Currently DEANO is promoting his single, “Crazistan”, a song written from the perspective of a 21-year-old soldier in the United States Army who has been deployed to Afghanistan to fight in the war. Styled as a letter to his mother back home, the narrator laments the woes of his predicament, as a Private E3, in a desolate outpost.
“Crazistan” shows the compatibility in DEANO’s primary talents. He’s a terrific guitarist, and his voice is powerful and honest while the song carries his top-drawer songwriting to sustain these elements. DEANO has got the seasoned sound of a vet but the hunger of rookie, all of which gives his music a fiery edge. This is a sound we’ve heard before but recorded with a freshness and verve that uplifts the listener.

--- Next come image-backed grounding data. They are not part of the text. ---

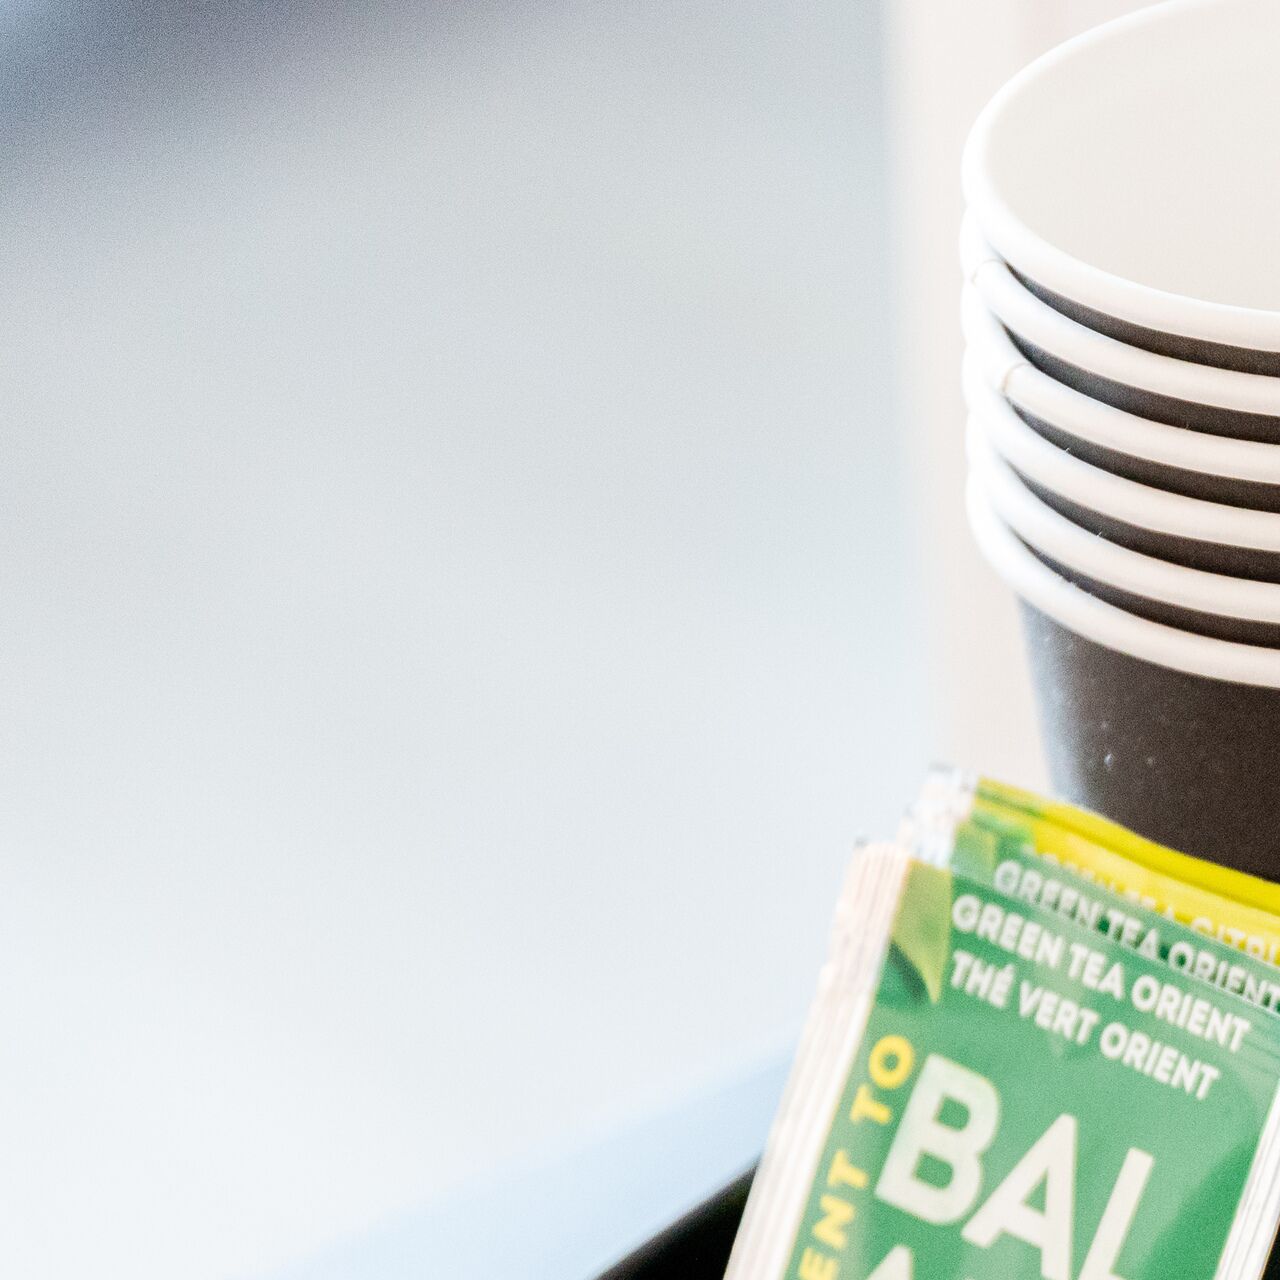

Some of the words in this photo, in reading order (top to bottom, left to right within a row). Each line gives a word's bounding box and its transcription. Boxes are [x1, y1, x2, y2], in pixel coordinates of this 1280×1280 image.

[993, 858, 1101, 934] GREEN
[1103, 909, 1162, 960] TEA
[948, 948, 1013, 1011] THÉ
[1017, 987, 1101, 1056] VERT
[1100, 1028, 1221, 1102] ORIENT
[951, 894, 1061, 972] GREEN
[1064, 941, 1127, 1001] TEA
[1131, 975, 1253, 1054] ORIENT
[850, 1033, 917, 1127] TO
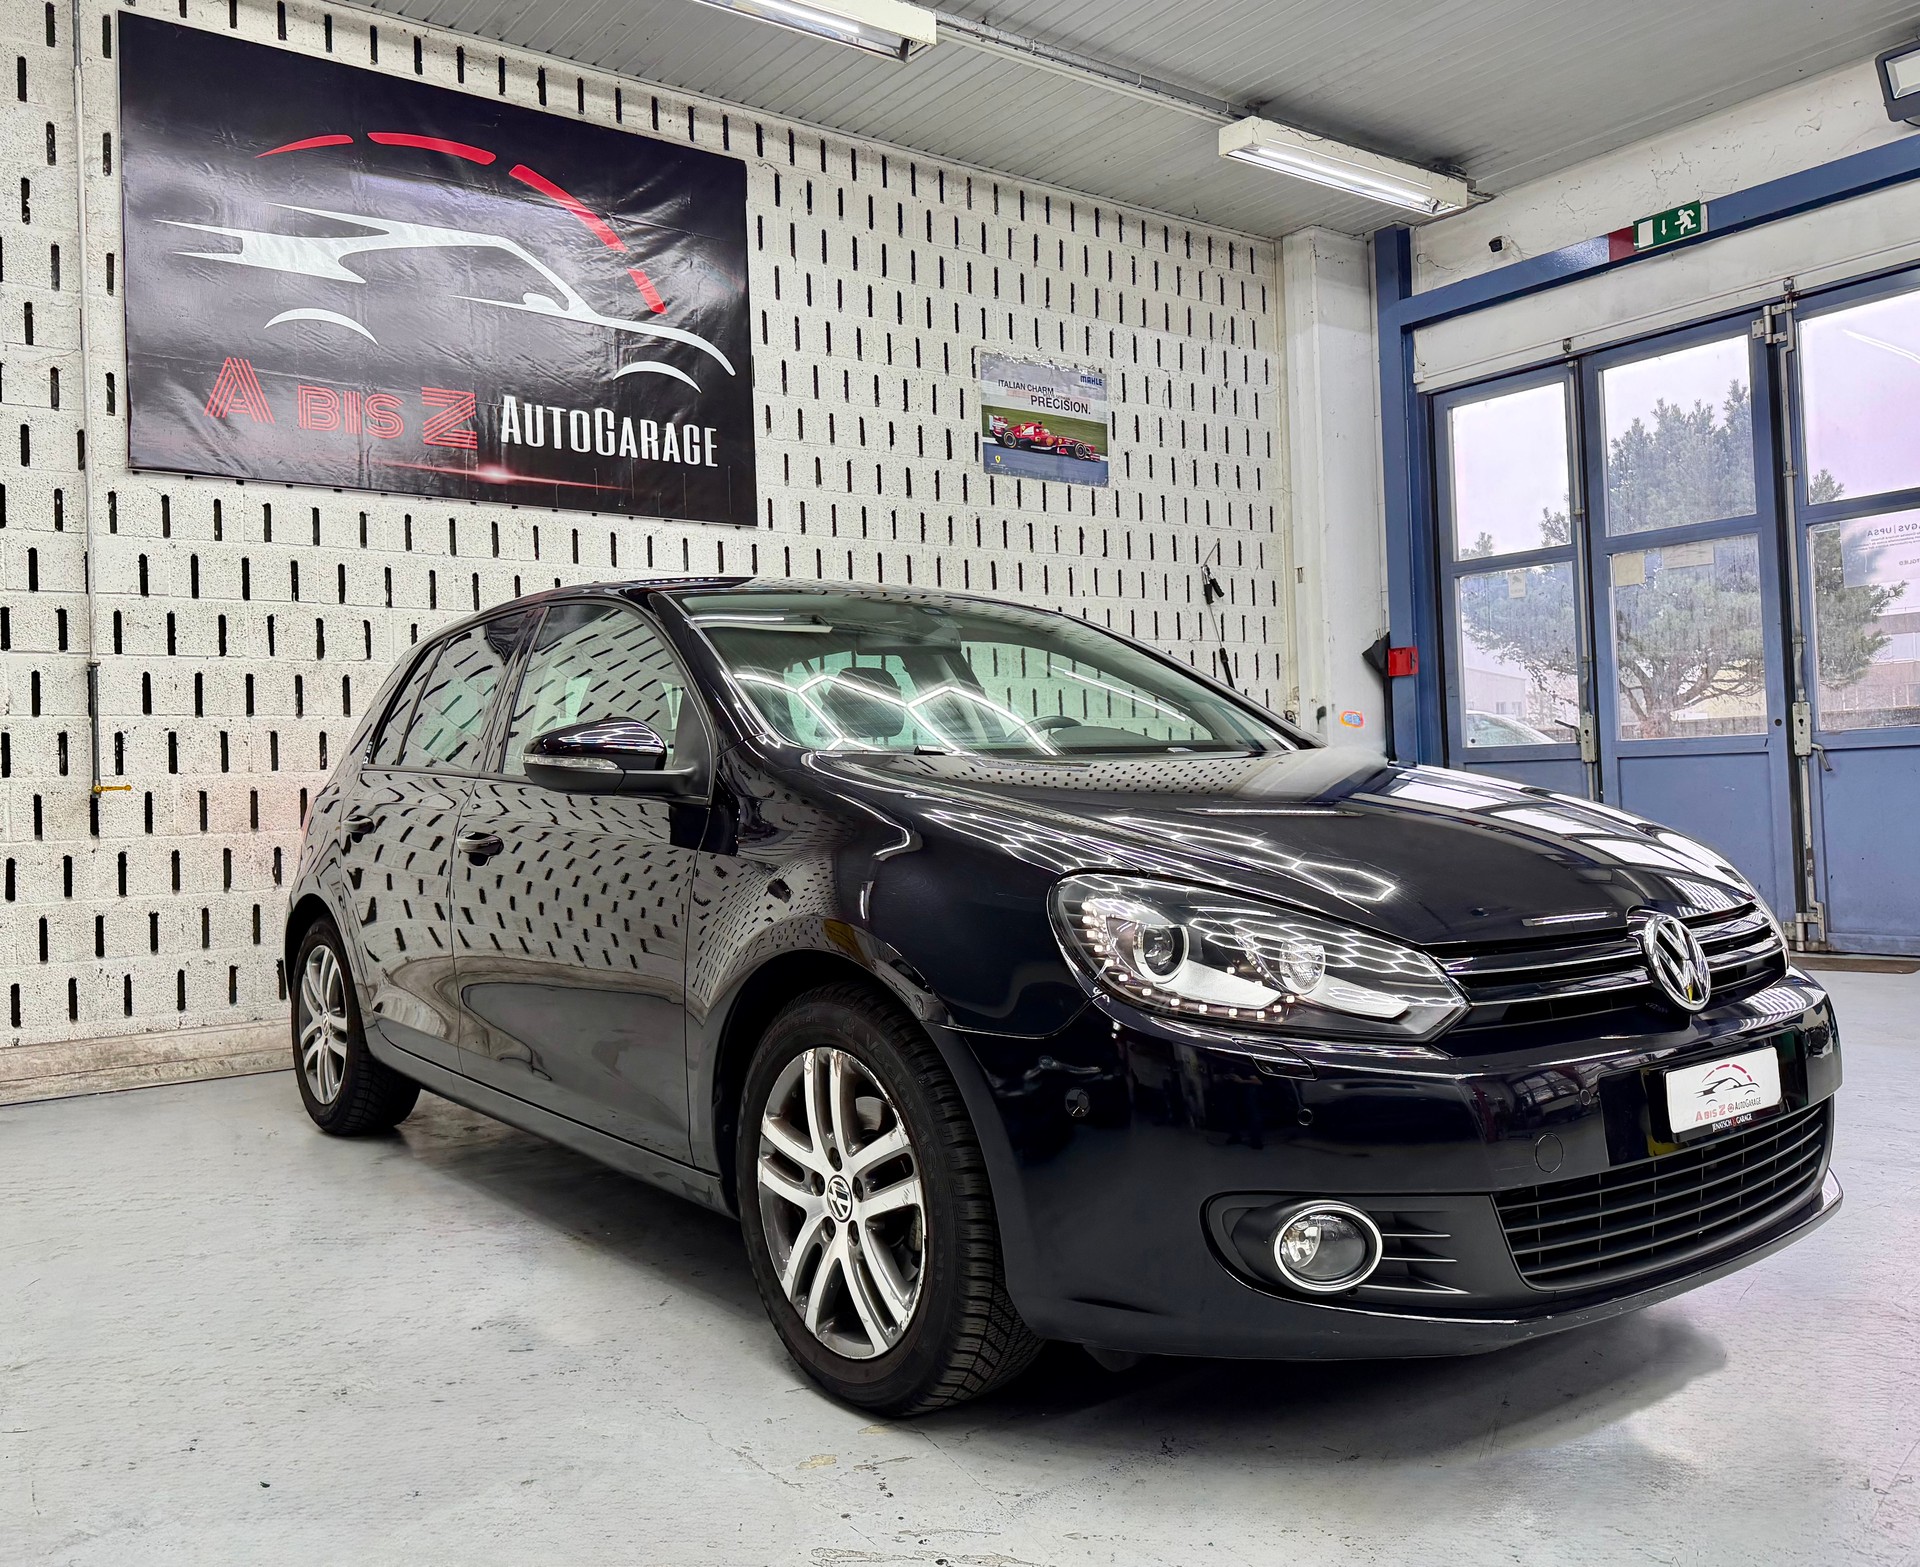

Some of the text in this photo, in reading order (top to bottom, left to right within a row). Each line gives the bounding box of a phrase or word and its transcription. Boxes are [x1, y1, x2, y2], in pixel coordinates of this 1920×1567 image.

[998, 379, 1026, 391] ITALIAN
[1080, 375, 1103, 386] MAHLE
[204, 357, 275, 424] A
[421, 386, 478, 450] Z
[1030, 395, 1091, 415] PRECISION.
[1695, 1110, 1703, 1122] A
[1718, 1104, 1726, 1116] Z

“Crazistan” is full of stuff that would sound out of fashion in a lesser songwriter’s hands, but DEANO makes this music sound entirely relevant. He takes notes from the classic Americana canon, and makes those familiar sounds feel fresh. He fills a void you might not have realized was there, and his subject matter resonates so much with this song, it never feels like it’s from any other time but the present.
Listening to the narrative, you get the sense that DEANO is looking at the mess of a world that surrounds him and either feels angry, helpless, or both – something a lot of us can probably relate to right now, even if in a whole different scenario. DEANO fires back at his situation, asking: “Can you tell me what kind of man, kills he’s own brother in his holy land. What kind of man?”
At a time where so much music captures the darkness and downfall of American principles, DEANO puts his own spin on the phenomena. Often on “Crazistan”, he sounds like a distraught raconteur of a perpetual trauma afflicting the world, clinging on dearly via every lyric and melody. His soaring vocal tendencies and impeccable lyrical turns are enviable by the most prestigious of contemporaries.
DEANO’s music is articulate and vivid, simple and yet able to present profound ideas. He may not be attempting to reinvent the wheel, but his eloquent storytelling at its best are the moments where this record really soars.